Oshin: Playground is a hybrid festival from STUK, and Museum M in Leuven. They really want to show the crossover between visual arts, performing arts and everything in between. Our background is actually visual arts, but from the moment we started working together, almost 10 years ago, we started making performances, along with visual art like objects, prints, books and videos.

Melissa: At Playground, we've shown the first version of Blue Skies Forever in 2017, and now we will premiere Spare Time Work.

O: We really wanted to work in the theatre space for Blue Skies Forever. We always want to take the context into account, but to work in that context, we needed partners, and Playground was the first festival that wanted to host us in that sense. They were really interested in our whole practice. So it really meant a lot that we can work (and play) at STUK. They hold a special place with us.

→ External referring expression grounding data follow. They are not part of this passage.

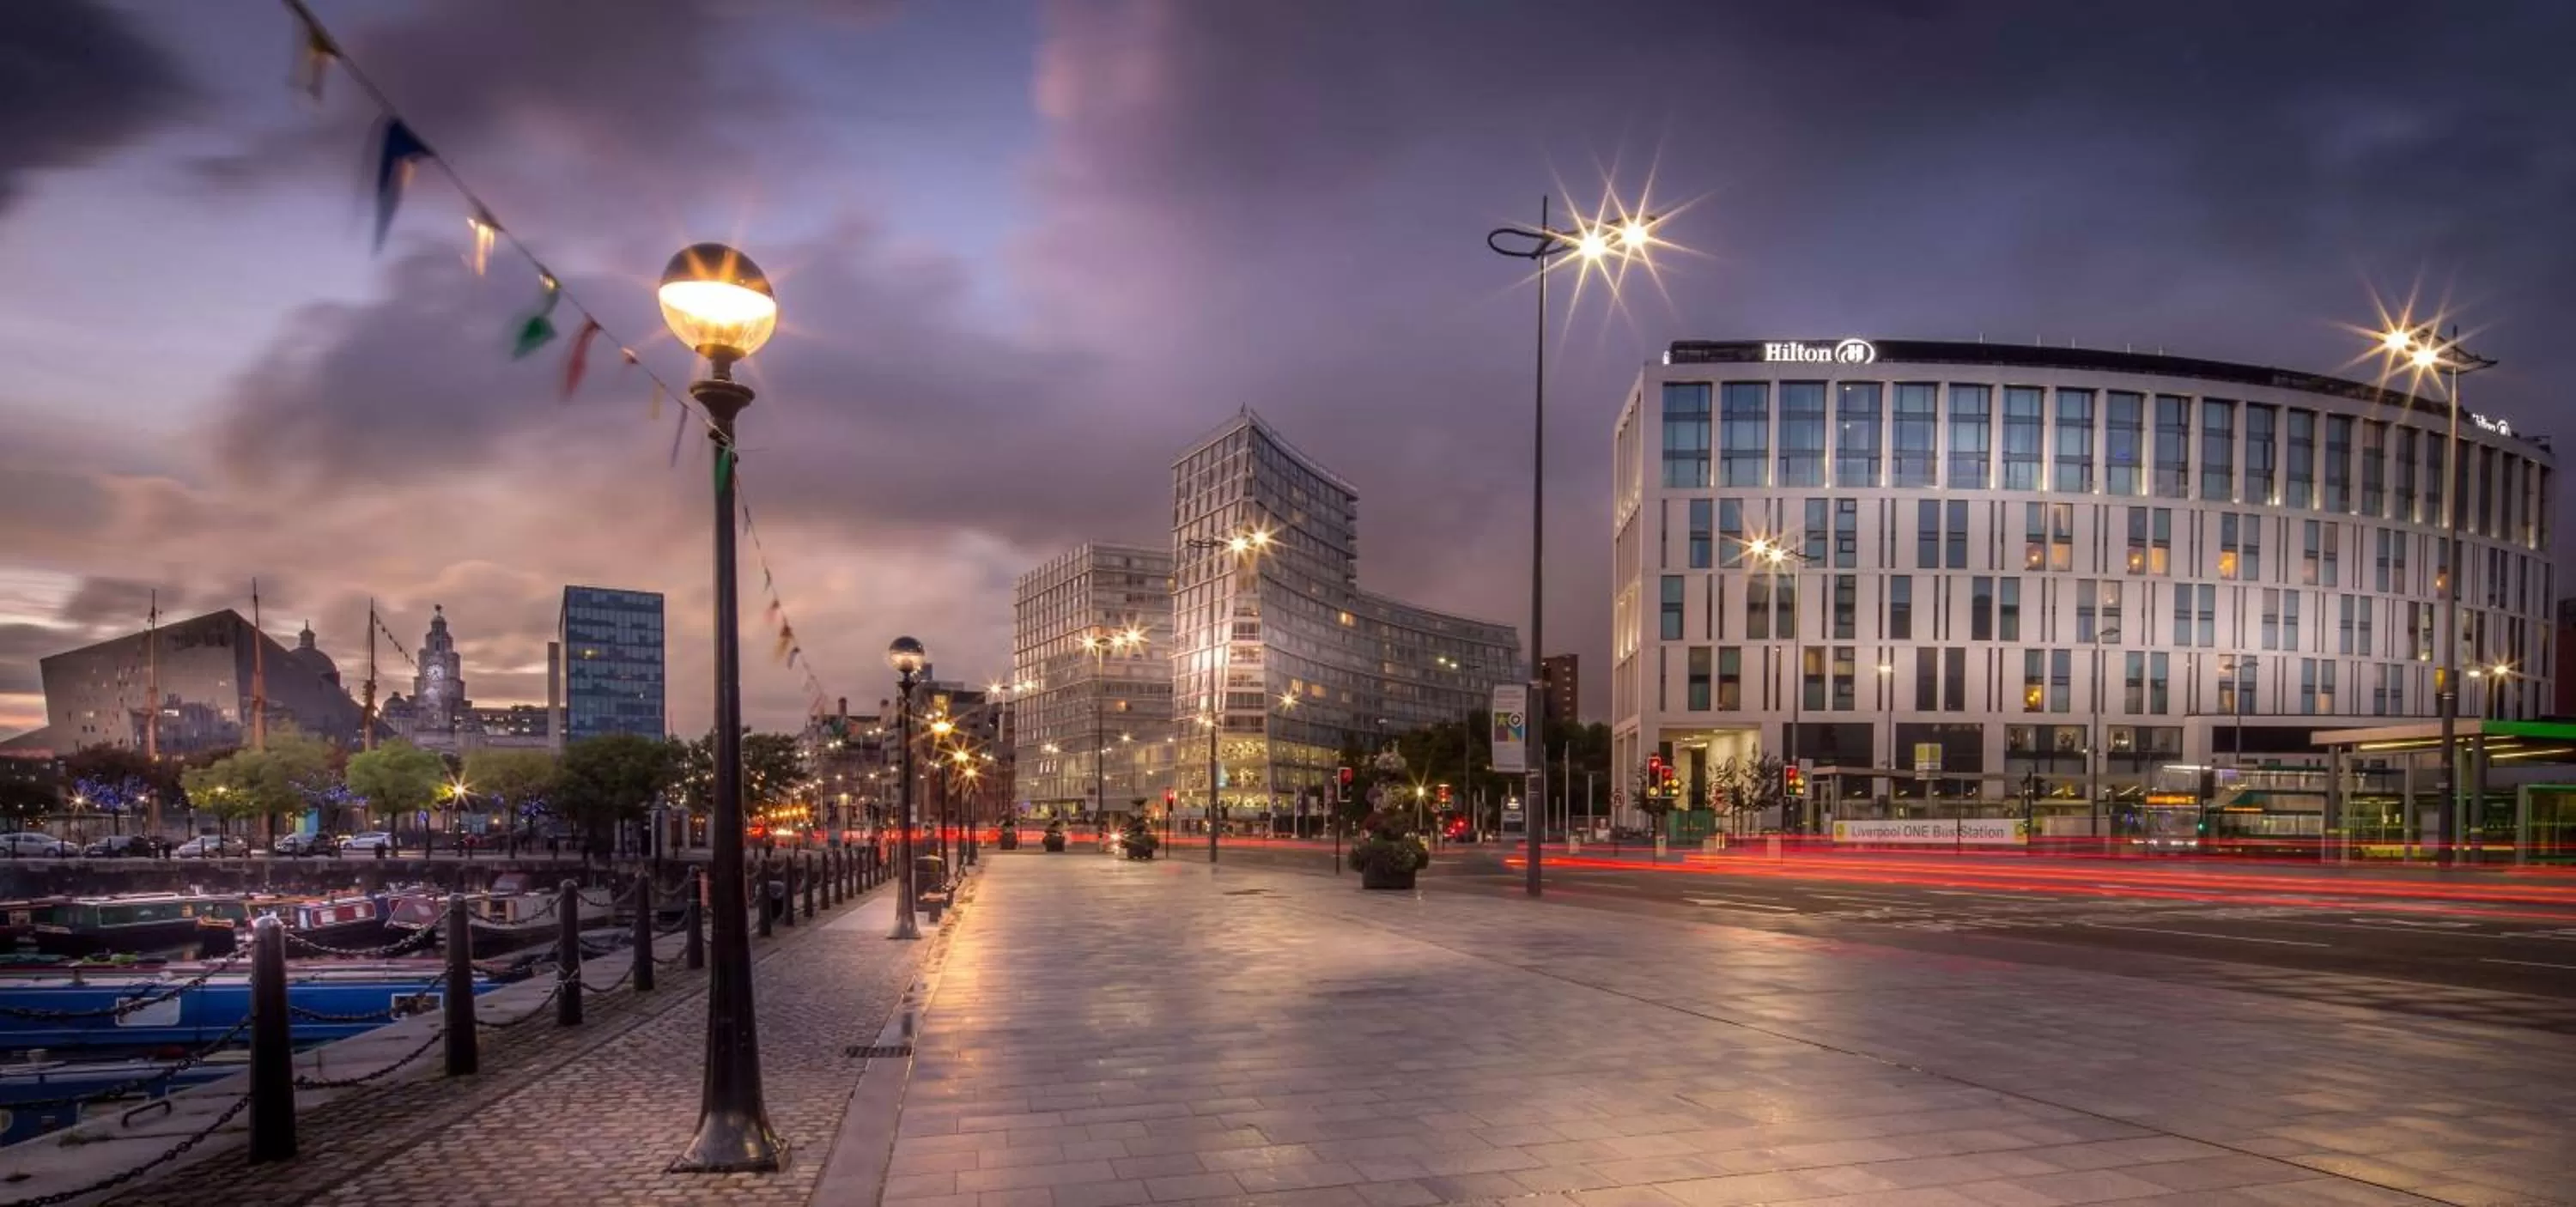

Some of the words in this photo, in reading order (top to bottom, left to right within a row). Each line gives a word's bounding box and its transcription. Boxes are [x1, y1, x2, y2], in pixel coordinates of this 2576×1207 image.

[1765, 342, 1832, 361] Hilton
[1850, 825, 1900, 840] Liverpool
[1904, 825, 1929, 839] ONE
[1933, 824, 1958, 839] Bus
[1959, 824, 2005, 839] Station
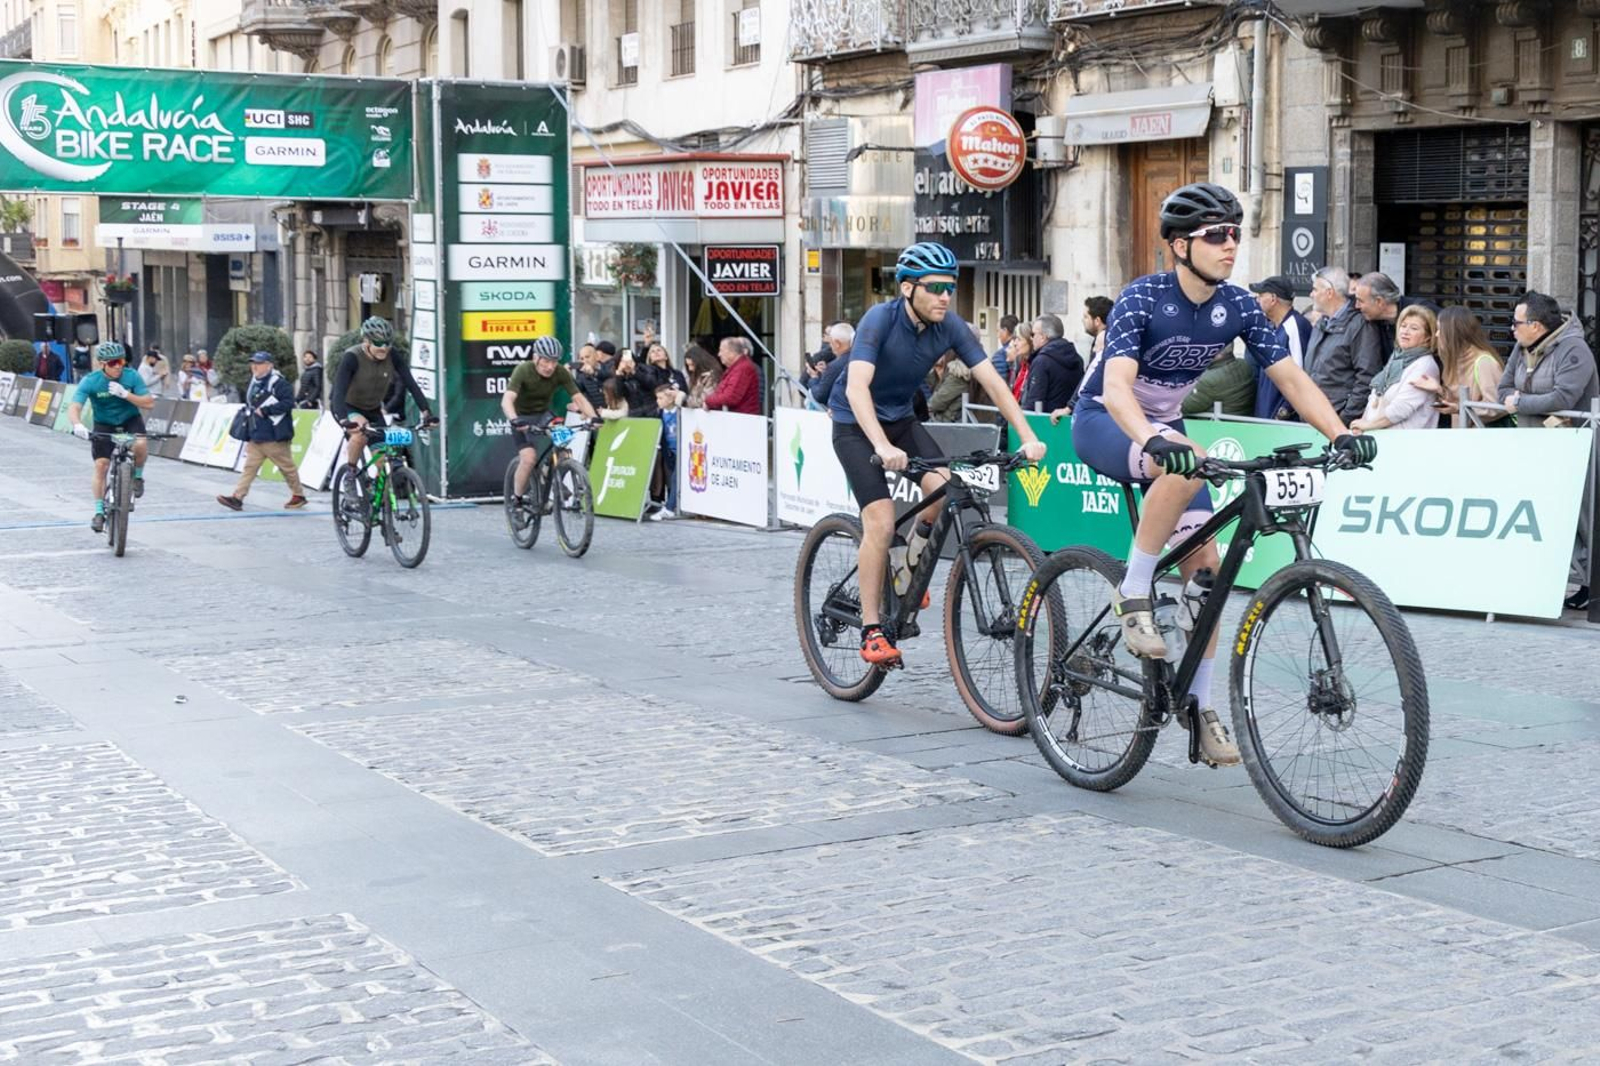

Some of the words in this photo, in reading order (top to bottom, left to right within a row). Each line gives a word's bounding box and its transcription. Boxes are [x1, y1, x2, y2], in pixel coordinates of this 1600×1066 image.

M: We started questioning the parameters of what it means to perform in a visual art context. There are people that are coming to watch you or people that are passing by and watching you, which are very different. We wanted to play with the idea of somebody buying tickets to come and see you, and you prepare something to show them. You have to deal with the expectations the audience has, but also the power and the privilege you have to be on that stage and claim the space.

Tell me about your performance, Spare Time Work?

M: For the performance, we were interested in the fact that an audience enters a theatre in their spare time, and we are working as performers or creators. For us, as artists, this division between labour and free time is quite blurry. The idea of leisure was something that has been very present in our work since the beginning, but we didn't want to just make something about leisure, we wanted to connect it to labour and the many facets involved in this idea of spare time work.

For us, as artists, this division between labour and free time is quite blurry

O: But also, as an artist, your spare time really slips into work time, and the other way around, there is no division. Although we experience a lot of pleasure in being able to do the work that we do, getting somewhere that you want to go, even the end product of performance, takes a lot of hard work. These blurred lines between pleasure and hard labour are very vague and confusingly intertwined. We really tried to express the ambiguity of these different states.

M: And the audience sees both. The hard work that we put into it, but also the pleasure that we have while being and playing on stage.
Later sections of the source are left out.